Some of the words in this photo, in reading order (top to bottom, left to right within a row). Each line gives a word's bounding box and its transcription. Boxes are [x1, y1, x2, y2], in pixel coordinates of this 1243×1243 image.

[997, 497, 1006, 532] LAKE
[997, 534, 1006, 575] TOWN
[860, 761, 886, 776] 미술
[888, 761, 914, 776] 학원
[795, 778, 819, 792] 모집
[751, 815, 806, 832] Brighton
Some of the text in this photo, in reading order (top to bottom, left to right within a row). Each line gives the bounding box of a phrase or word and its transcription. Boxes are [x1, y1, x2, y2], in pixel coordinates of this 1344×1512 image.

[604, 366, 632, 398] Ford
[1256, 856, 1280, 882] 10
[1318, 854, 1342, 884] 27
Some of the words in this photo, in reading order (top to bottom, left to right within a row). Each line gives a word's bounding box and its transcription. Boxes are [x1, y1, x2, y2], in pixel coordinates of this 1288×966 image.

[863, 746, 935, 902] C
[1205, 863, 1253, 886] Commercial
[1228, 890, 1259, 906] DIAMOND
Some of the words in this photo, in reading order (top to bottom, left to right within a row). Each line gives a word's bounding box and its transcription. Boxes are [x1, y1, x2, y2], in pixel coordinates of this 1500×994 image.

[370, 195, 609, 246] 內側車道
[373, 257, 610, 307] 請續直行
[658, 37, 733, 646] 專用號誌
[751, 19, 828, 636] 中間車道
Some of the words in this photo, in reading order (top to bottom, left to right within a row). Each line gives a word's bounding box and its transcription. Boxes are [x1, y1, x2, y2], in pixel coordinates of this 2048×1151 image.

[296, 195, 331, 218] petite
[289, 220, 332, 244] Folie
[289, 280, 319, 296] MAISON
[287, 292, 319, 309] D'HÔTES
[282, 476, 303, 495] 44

◇ ◇ ◇ ◇

What you are asked to do: Output exactly the lines of the data that run from the one containing "this 1288×966 image." to the very last line, and no others.

Written solution:
Some of the words in this photo, in reading order (top to bottom, left to right within a row). Each line gives a word's bounding box and its transcription. Boxes are [x1, y1, x2, y2], in pixel coordinates of this 1288×966 image.

[863, 746, 935, 902] C
[1205, 863, 1253, 886] Commercial
[1228, 890, 1259, 906] DIAMOND
Some of the words in this photo, in reading order (top to bottom, left to right within a row). Each line gives a word's bounding box and its transcription. Boxes are [x1, y1, x2, y2], in pixel coordinates of this 1500×994 image.

[370, 195, 609, 246] 內側車道
[373, 257, 610, 307] 請續直行
[658, 37, 733, 646] 專用號誌
[751, 19, 828, 636] 中間車道
Some of the words in this photo, in reading order (top to bottom, left to right within a row). Each line gives a word's bounding box and its transcription. Boxes are [x1, y1, x2, y2], in pixel coordinates of this 2048×1151 image.

[296, 195, 331, 218] petite
[289, 220, 332, 244] Folie
[289, 280, 319, 296] MAISON
[287, 292, 319, 309] D'HÔTES
[282, 476, 303, 495] 44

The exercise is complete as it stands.